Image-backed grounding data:
>>>>>

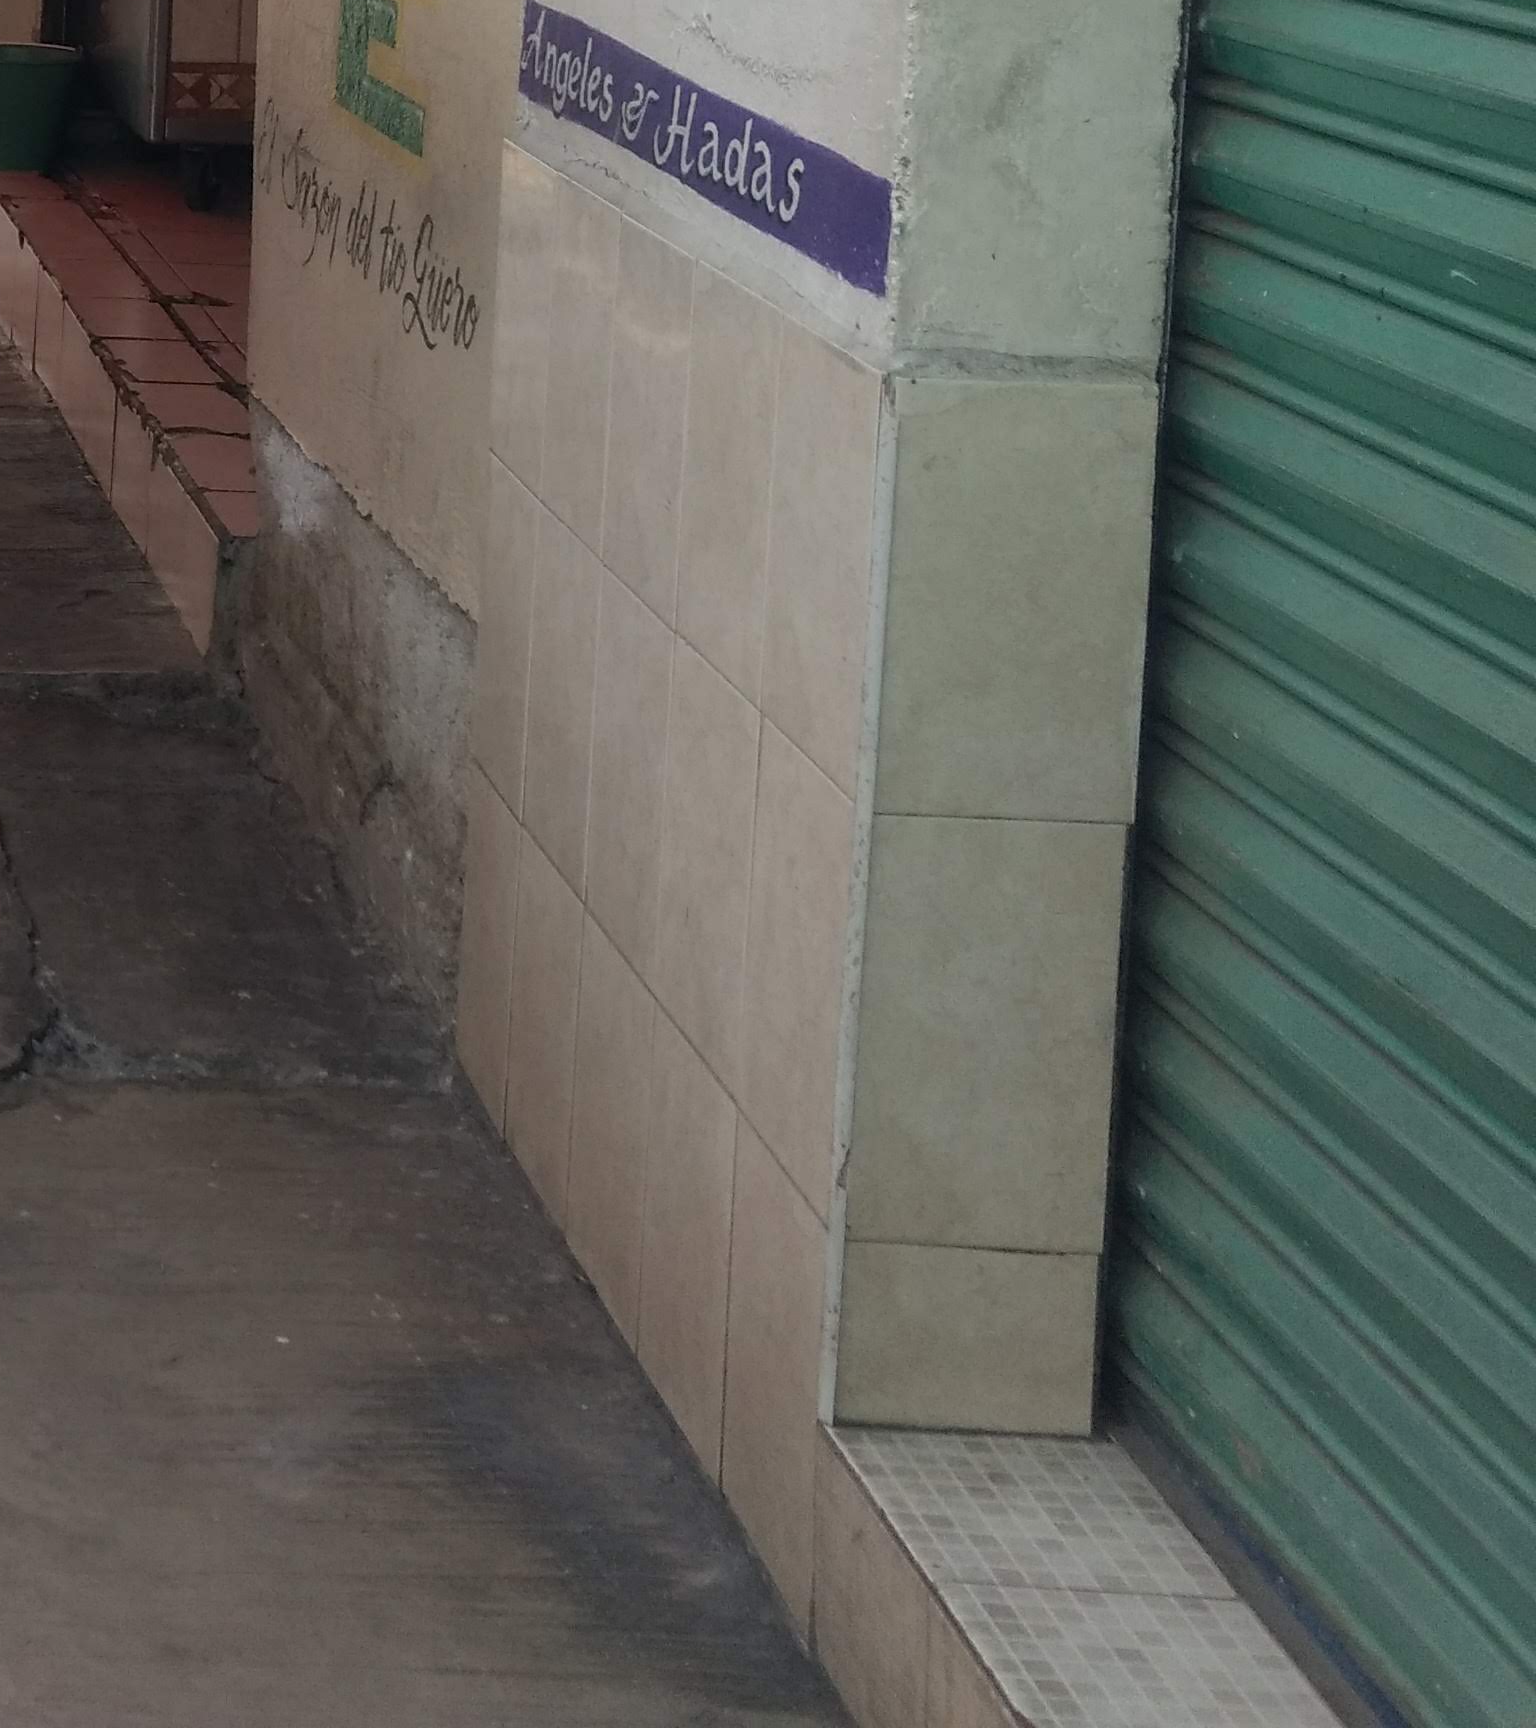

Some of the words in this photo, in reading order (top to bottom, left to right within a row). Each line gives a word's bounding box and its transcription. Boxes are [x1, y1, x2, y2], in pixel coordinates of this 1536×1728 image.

[520, 10, 614, 124] Angeles
[653, 84, 806, 223] Hadas
[346, 179, 378, 280] del
[402, 213, 479, 351] Güero
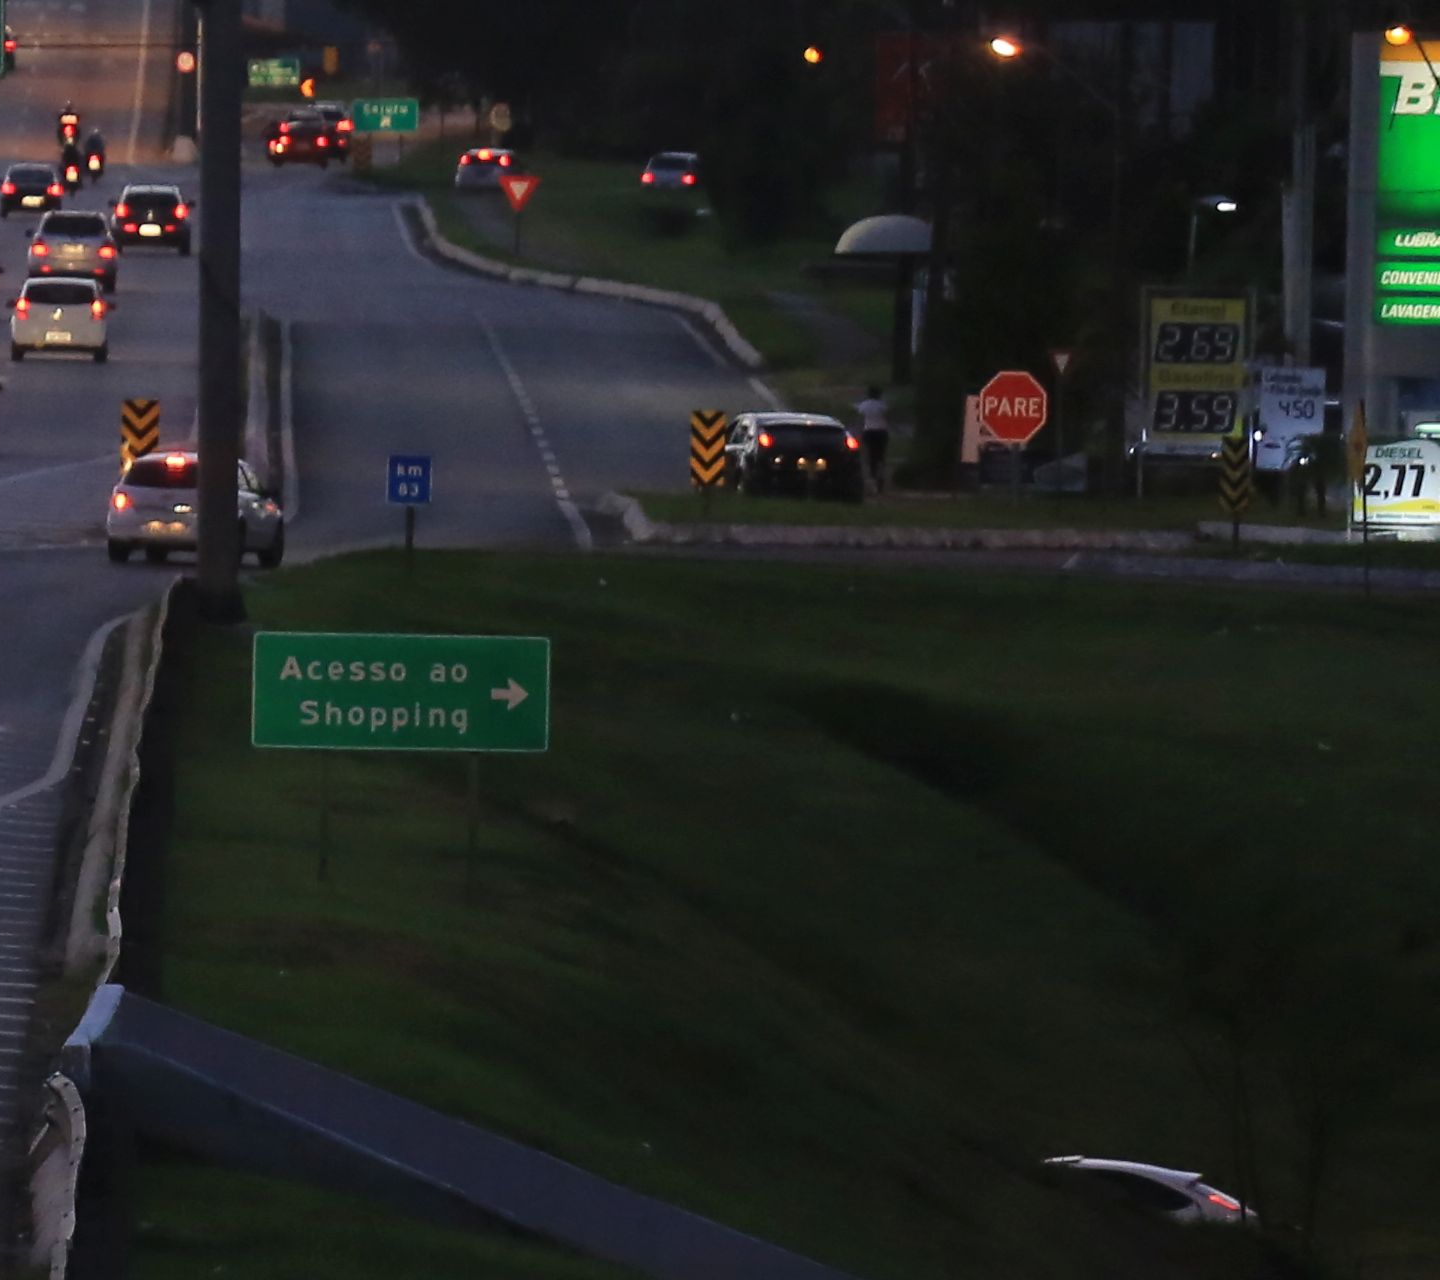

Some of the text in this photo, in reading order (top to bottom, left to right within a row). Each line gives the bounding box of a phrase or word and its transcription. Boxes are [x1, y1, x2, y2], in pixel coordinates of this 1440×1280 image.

[984, 396, 1041, 418] PARE
[1375, 447, 1425, 459] DIESEL
[397, 462, 423, 477] km
[279, 655, 469, 683] Acesso ao
[299, 699, 469, 734] Shopping

<<<<<

### About this task
A word-for-word restatement of the records above from the line containing "Some of the text" to their final line is all the answer should hold.

### Response
Some of the text in this photo, in reading order (top to bottom, left to right within a row). Each line gives the bounding box of a phrase or word and its transcription. Boxes are [x1, y1, x2, y2], in pixel coordinates of this 1440×1280 image.

[984, 396, 1041, 418] PARE
[1375, 447, 1425, 459] DIESEL
[397, 462, 423, 477] km
[279, 655, 469, 683] Acesso ao
[299, 699, 469, 734] Shopping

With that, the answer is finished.